Country Music Television (CMT) conjures a very specific cluster of memories for me. One crisp January morning in 1986, the CMT programming was interrupted when the Space Shuttle Challenger exploded just after takeoff.
I like listening to background music when I work. As a senior in high school, I would have Country Music Television (CMT) playing while doing math homework. My three favorite videos were “Amarillo by Morning” by George Strait, “America” by Waylon Jennings, and “Pancho and Lefty” by Willie Nelson and Merle Haggard. It turns out that these three tunes were written by lesser known artists in the early 1970s.
One crisp January day in 1986, the CMT programming was interrupted when the Space Shuttle Challenger exploded just after takeoff. My recollection is not precise; however, my gut tells me that one of these three songs was playing when the news broke. So, to this day, whenever I hear these three songs, it takes me right back to Mr German’s Upper School Sixth Form Hall TV Room at The Hill School in Pottstown PA.
While doing a bit of background research for this post, I discovered that “Amarillo by Morning” was written by Terry Stafford and Paul Fraser and first recorded by Stafford in 1973. I believe I first heard it performed by George Strait at the Houston Livestock Show and Rodeo in 1983 or 1984, and I loved it instantly. Besides the obvious Texas connection, It’s one of those songs that catapults me into a fantasy where I’m the one living the words being sung. Phrases like: “I’ll be lookin’ for 8 when they pull that gate, and I hope that judge ain’t blind” might also have resonated with me as I was on the threshold of my adult life adventure and hoping that others would take notice of me and my talents.
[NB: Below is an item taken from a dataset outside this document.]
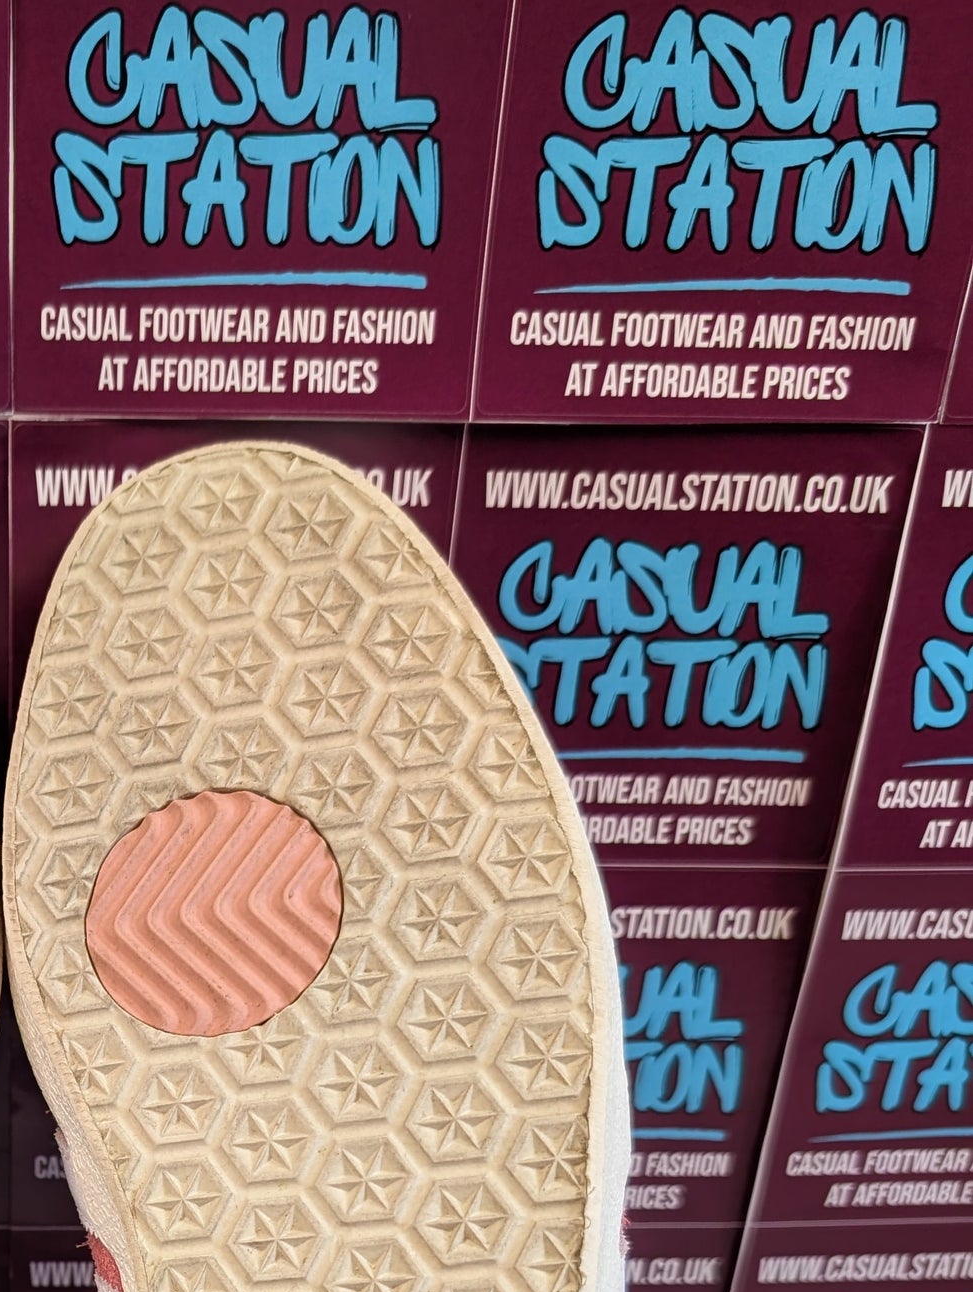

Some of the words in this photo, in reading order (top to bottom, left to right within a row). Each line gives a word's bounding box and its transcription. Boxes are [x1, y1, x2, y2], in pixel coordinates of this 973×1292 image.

Waylon Jennings was about 49 years old, my age now, when “America” was getting CMT play time. I remember thinking to myself that ol’Waylon really seemed old sitting there strumming his six string in front of some old country gas station. Now, 50 doesn’t seem as old as it used to. Since I had just finished enrolling in the Naval ROTC program, the song’s red white and blue patriotism resonated with me especially. The Space Shuttle Challenger disaster deepens this patriotic sentiment even further. Coincidentally, “America” was also written and recorded in 1973 by a fellow named Sammy Johns.
“Pancho and Lefty,” written and recorded by Townes Van Zandt in the early 1970s, was a big smash hit for Willie and Merle in the early 1980s. The captivating video suggests a vague story about an outlaw bandito named Pancho being pursued by Lefty, an American bounty hunter. Pancho escapes from the law only to be found dead eventually. The escapade fades into Mexican legend as Lefty ages anonymously in America’s frigid rust belt. Townes Van Zandt makes a several cameo appearances in the video — first as a Mexican federale and towards the end strumming his guitar and singing the song’s chorus as Willie, Merle, and a bunch of friends play dominoes in a Texas diner. Curiously, Townes never provided much substantive background about this song. Probably for the best.